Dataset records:
——
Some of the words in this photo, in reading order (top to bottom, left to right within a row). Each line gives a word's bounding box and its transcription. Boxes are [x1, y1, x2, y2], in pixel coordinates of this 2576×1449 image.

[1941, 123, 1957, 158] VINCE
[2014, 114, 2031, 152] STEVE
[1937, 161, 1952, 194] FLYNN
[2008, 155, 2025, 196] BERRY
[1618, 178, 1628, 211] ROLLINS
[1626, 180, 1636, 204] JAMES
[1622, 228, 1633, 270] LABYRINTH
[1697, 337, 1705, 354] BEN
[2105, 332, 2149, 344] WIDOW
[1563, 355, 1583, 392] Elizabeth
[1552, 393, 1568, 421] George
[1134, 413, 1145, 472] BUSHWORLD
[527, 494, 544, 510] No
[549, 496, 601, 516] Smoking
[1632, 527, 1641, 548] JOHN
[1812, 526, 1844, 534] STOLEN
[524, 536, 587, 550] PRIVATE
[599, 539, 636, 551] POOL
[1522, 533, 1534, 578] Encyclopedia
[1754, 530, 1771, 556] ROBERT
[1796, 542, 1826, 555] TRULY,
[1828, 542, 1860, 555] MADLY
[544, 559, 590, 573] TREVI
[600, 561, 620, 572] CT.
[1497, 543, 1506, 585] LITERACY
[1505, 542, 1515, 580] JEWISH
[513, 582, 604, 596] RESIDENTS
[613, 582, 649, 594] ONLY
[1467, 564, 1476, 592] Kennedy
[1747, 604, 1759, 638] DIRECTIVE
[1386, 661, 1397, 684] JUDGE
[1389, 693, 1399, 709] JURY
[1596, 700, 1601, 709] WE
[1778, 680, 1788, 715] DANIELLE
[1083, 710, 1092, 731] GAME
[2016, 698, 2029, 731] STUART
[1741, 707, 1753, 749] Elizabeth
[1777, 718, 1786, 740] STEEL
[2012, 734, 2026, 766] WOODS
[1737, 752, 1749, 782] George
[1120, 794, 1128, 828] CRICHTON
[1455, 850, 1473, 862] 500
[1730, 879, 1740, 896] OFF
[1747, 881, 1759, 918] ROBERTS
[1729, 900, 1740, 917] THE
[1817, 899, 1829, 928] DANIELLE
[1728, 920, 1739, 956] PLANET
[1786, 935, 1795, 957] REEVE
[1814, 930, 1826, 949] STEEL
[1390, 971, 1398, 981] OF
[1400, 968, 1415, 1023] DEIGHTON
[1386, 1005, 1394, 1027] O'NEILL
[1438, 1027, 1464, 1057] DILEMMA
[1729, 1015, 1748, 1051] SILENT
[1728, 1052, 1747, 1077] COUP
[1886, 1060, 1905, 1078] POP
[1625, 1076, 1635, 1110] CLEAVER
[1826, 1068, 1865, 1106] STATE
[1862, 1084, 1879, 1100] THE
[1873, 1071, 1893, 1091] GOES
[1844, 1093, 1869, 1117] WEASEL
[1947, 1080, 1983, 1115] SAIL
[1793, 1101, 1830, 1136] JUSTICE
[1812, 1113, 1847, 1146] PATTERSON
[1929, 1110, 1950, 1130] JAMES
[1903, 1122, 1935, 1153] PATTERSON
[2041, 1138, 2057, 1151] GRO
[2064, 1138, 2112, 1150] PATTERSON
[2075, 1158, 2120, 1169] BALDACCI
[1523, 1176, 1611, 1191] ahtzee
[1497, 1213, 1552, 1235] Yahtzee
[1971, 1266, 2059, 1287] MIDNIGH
——
■ **What the task asks**:
The data given above must be transcribed exactly and completely.

■ **Output of the exercise**:
Some of the words in this photo, in reading order (top to bottom, left to right within a row). Each line gives a word's bounding box and its transcription. Boxes are [x1, y1, x2, y2], in pixel coordinates of this 2576×1449 image.

[1941, 123, 1957, 158] VINCE
[2014, 114, 2031, 152] STEVE
[1937, 161, 1952, 194] FLYNN
[2008, 155, 2025, 196] BERRY
[1618, 178, 1628, 211] ROLLINS
[1626, 180, 1636, 204] JAMES
[1622, 228, 1633, 270] LABYRINTH
[1697, 337, 1705, 354] BEN
[2105, 332, 2149, 344] WIDOW
[1563, 355, 1583, 392] Elizabeth
[1552, 393, 1568, 421] George
[1134, 413, 1145, 472] BUSHWORLD
[527, 494, 544, 510] No
[549, 496, 601, 516] Smoking
[1632, 527, 1641, 548] JOHN
[1812, 526, 1844, 534] STOLEN
[524, 536, 587, 550] PRIVATE
[599, 539, 636, 551] POOL
[1522, 533, 1534, 578] Encyclopedia
[1754, 530, 1771, 556] ROBERT
[1796, 542, 1826, 555] TRULY,
[1828, 542, 1860, 555] MADLY
[544, 559, 590, 573] TREVI
[600, 561, 620, 572] CT.
[1497, 543, 1506, 585] LITERACY
[1505, 542, 1515, 580] JEWISH
[513, 582, 604, 596] RESIDENTS
[613, 582, 649, 594] ONLY
[1467, 564, 1476, 592] Kennedy
[1747, 604, 1759, 638] DIRECTIVE
[1386, 661, 1397, 684] JUDGE
[1389, 693, 1399, 709] JURY
[1596, 700, 1601, 709] WE
[1778, 680, 1788, 715] DANIELLE
[1083, 710, 1092, 731] GAME
[2016, 698, 2029, 731] STUART
[1741, 707, 1753, 749] Elizabeth
[1777, 718, 1786, 740] STEEL
[2012, 734, 2026, 766] WOODS
[1737, 752, 1749, 782] George
[1120, 794, 1128, 828] CRICHTON
[1455, 850, 1473, 862] 500
[1730, 879, 1740, 896] OFF
[1747, 881, 1759, 918] ROBERTS
[1729, 900, 1740, 917] THE
[1817, 899, 1829, 928] DANIELLE
[1728, 920, 1739, 956] PLANET
[1786, 935, 1795, 957] REEVE
[1814, 930, 1826, 949] STEEL
[1390, 971, 1398, 981] OF
[1400, 968, 1415, 1023] DEIGHTON
[1386, 1005, 1394, 1027] O'NEILL
[1438, 1027, 1464, 1057] DILEMMA
[1729, 1015, 1748, 1051] SILENT
[1728, 1052, 1747, 1077] COUP
[1886, 1060, 1905, 1078] POP
[1625, 1076, 1635, 1110] CLEAVER
[1826, 1068, 1865, 1106] STATE
[1862, 1084, 1879, 1100] THE
[1873, 1071, 1893, 1091] GOES
[1844, 1093, 1869, 1117] WEASEL
[1947, 1080, 1983, 1115] SAIL
[1793, 1101, 1830, 1136] JUSTICE
[1812, 1113, 1847, 1146] PATTERSON
[1929, 1110, 1950, 1130] JAMES
[1903, 1122, 1935, 1153] PATTERSON
[2041, 1138, 2057, 1151] GRO
[2064, 1138, 2112, 1150] PATTERSON
[2075, 1158, 2120, 1169] BALDACCI
[1523, 1176, 1611, 1191] ahtzee
[1497, 1213, 1552, 1235] Yahtzee
[1971, 1266, 2059, 1287] MIDNIGH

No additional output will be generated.